EVO protects the brain from cerebral ischemic damage in mice through upregulating pAkt, pGSK3β, and claudin-5, downregulating NF-κB expression, and ameliorating blood–brain barrier permeability [44].

5.7 Antidepressant-Like Effect

EVO can reverse the chronic unpredictable mild stress-induced behavioral deficits and biochemical changes in chronic unpredictable mildly stressed rats. The mechanisms are related to the modulation of the monoamine transmitters and brain-derived neurotropic factor tropomyosin-related kinase B [45].

5.8 Alzheimer’s Disease

EVO improves the learning ability and memory in transgenic mice with Alzheimer’s disease by reversing the glucose uptake inhibition and decreasing IL-1β, IL-6, TNF-α, and COX-2 expression [46].

5.9 Prevention of Insulin Resistance

EVO reduces the insulin-stimulated mammalian target of rapamycin and ribosomal S6 protein kinase (mTOR-S6K) signaling and insulin receptor substrate 1 (IRS1) serine phosphorylation in white adipose tissues and improves glucose tolerance in obese/diabetic KK-Ay mice [47].
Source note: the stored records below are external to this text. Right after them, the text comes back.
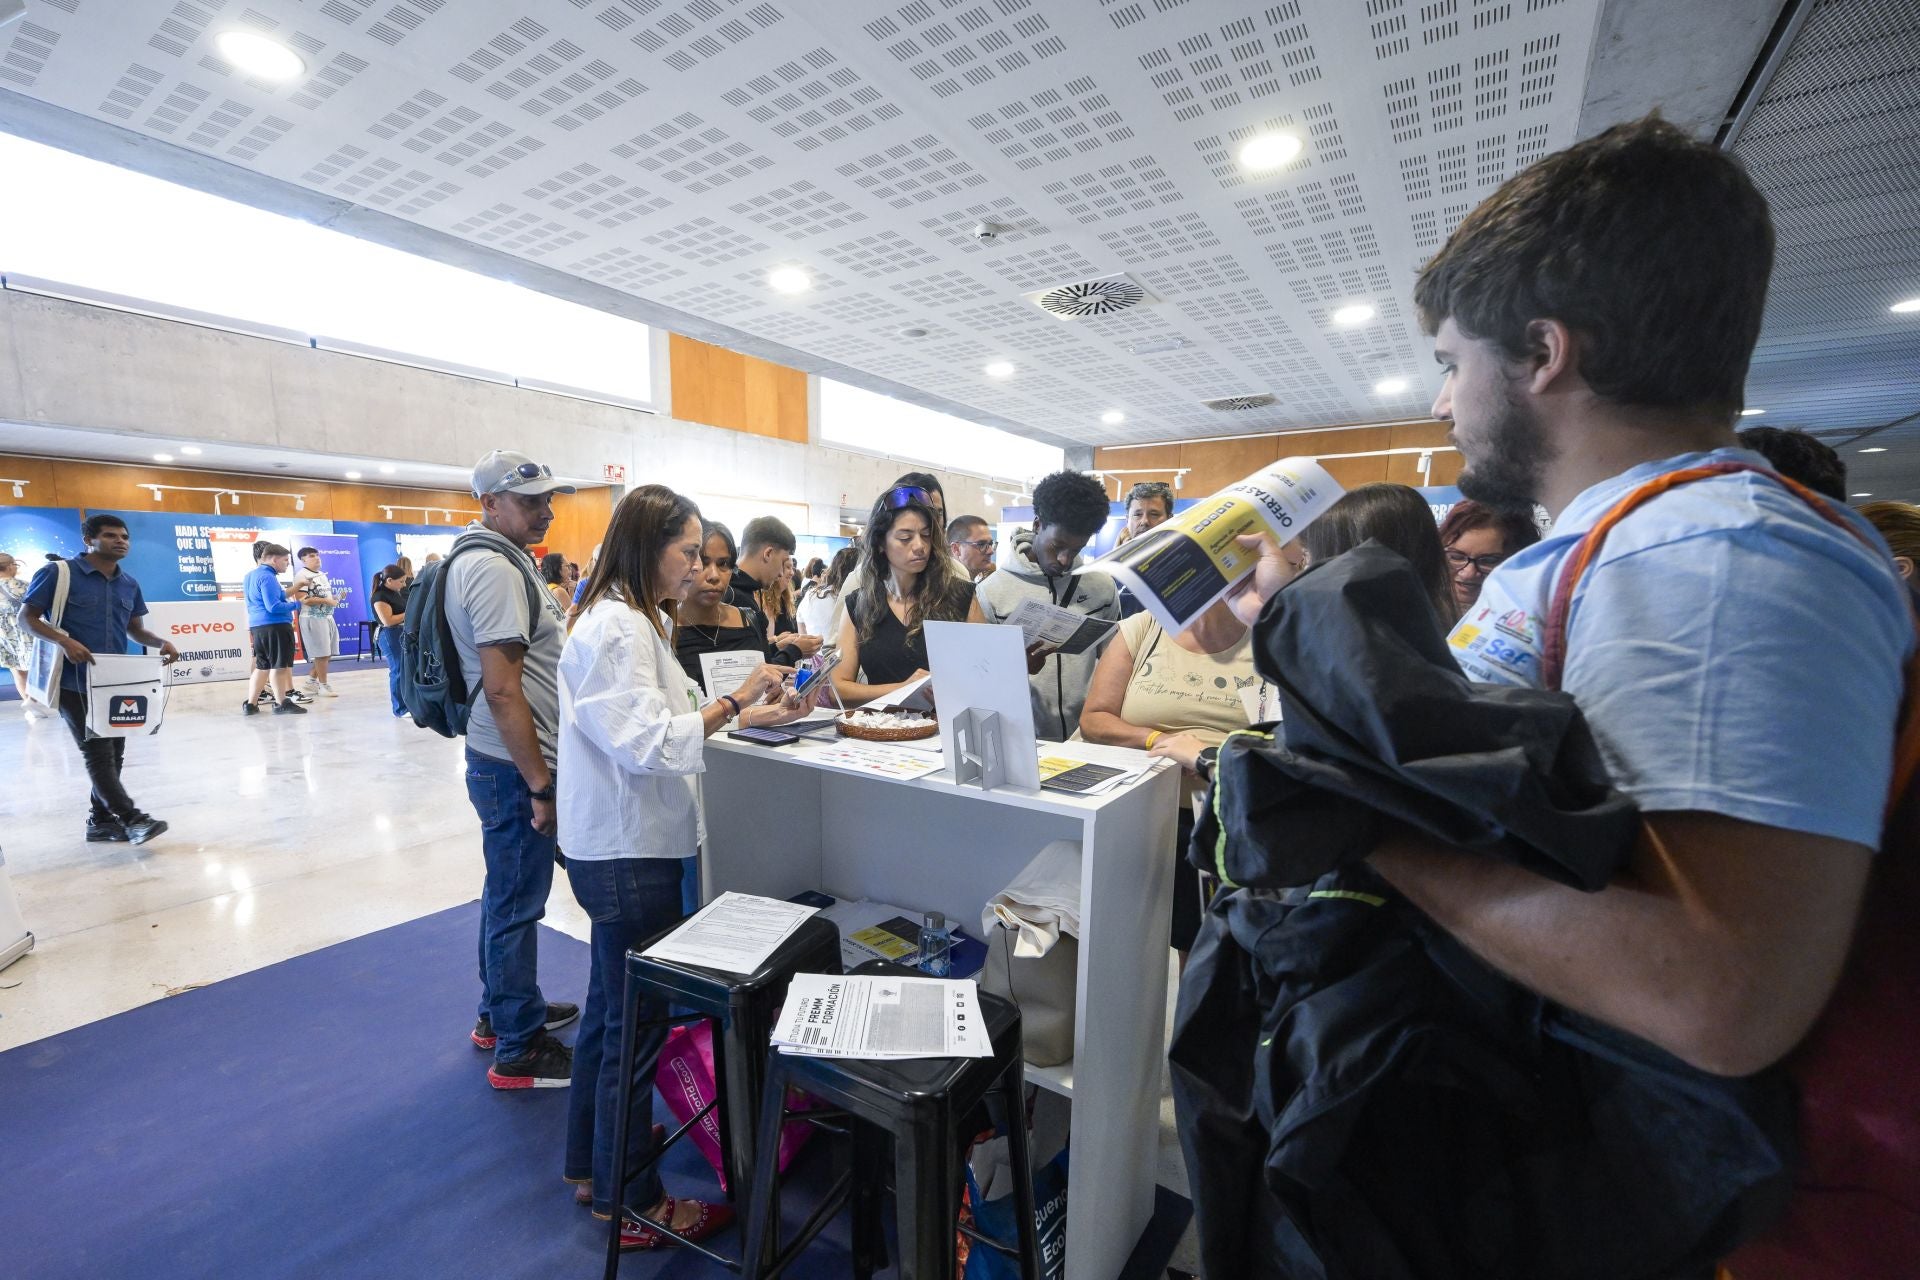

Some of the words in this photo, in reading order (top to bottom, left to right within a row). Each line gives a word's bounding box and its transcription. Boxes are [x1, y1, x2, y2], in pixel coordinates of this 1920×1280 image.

[1246, 486, 1293, 528] OFERTAS
[175, 525, 198, 537] NADA
[200, 526, 210, 537] SE
[177, 538, 194, 550] QUE
[195, 538, 207, 549] UN
[180, 563, 202, 573] Empleo
[194, 583, 217, 592] Edición
[171, 622, 235, 635] serveo
[178, 650, 213, 662] NERANDO
[214, 648, 242, 659] FUTURO
[1485, 638, 1534, 665] Sef
[173, 668, 192, 677] Sef
[1153, 683, 1168, 695] the
[1170, 691, 1193, 701] magic
[808, 998, 824, 1024] FREMM
[821, 984, 840, 1025] FORMACIÓN
5.10 Cardiotonic Effect or Remedy for Cardiac Diseases

EVO evokes transient positive inotropic and chronotropic effects on the atria of the guinea pig, which is due to its interaction with the vanilloid receptors and the release of the calcitonin gene-related peptide antagonist (CGRP) [4]. EVO attenuates myocardial infarct size, improves metabolism disorders between fatty acids and glucose, increases ATP and Ca(2+)-ATPase activity, and reduces the peroxisome proliferator-activated receptor-α (PPARα) protein level in the myocardial ischemia–reperfusion (I/R) rats [37].

5.11 Other Effects

EVO exerts stimulatory effects on rat jejunal contractility, exhibiting its potential role in relieving hypomotility disorders [40]. EVO improves the undesirable effects of some drugs while preserving their pharmacological activities. For example, the side effects (adipogenesis, body weight gain, and hepatotoxicity) of rosiglitazone can be attenuated by being co-administered with EVO, but the blood glucose-lowering effect of rosiglitazone is still well preserved [3].
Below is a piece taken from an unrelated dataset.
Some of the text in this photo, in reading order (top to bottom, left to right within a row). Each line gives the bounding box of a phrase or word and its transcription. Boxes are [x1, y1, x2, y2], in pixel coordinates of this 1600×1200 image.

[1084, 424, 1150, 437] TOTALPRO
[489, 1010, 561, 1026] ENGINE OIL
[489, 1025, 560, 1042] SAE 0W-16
6 Biological Activities of Evodiamine in Humans

There are few reports of the biological activities of EVO in humans. Evodiae fructus is reported to be used as an analgesic in traditional Chinese medicine [10]. The typical commercial preparation of traditional Chinese medicines containing EVO is the Zuojin pill. The Zuojin pill is composed of Evodiae fructus and Rhizoma (the mass ratio is 1:6). The Zuojin pill inhibits gastric emptying and the secretion of gastric acid. The Zuojin pill also has an obvious anti-ulcer effect [48]. The Zuojin pill is officially listed in the Chinese Pharmacopoeia.

7 Conclusions

EVO is a major bioactive alkaloid isolated and purified from the Chinese herbal drug “Wu-Chu-Yu” (Evodiae fructus). It possesses a multitude of positive effects, such as anti-cancer and anti-nociceptive effects on different cells, including stem cells, animals, and humans through modulating diverse targeting regions or through various signaling pathways. Evodiae fructus or the extraction of Evodiae fructus, such as ethanol, methanol, and chloroform extracts, exhibits some effects similar to those of EVO [49]. EVO can be used alone or in combination with other drugs. The combination therapy of EVO with gemcitabine augments its therapeutic effects [24]. Furthermore, EVO shows little toxicity against normal cells [50] in contrast to its positive effects.

In the future, three measures are recommended to be pursued in order to promote the clinical application of EVO in the treatment of chronic diseases: First is to develop a new EVO delivery system, such as a supermolecular nanoemulsion [51] or a phospholipid complex [1], in order to modify the pharmacokinetic behavior and increase the bioavailability of EVO; second is to chirally separate two EVO stereoisomers because sometimes the S-(+) EVO is more effective than the R-(−) evodiamine [52]; third is to synthesize new derivatives with much better potency and less toxicity [53], such as carbamates [54], compared with the parent drug EVO.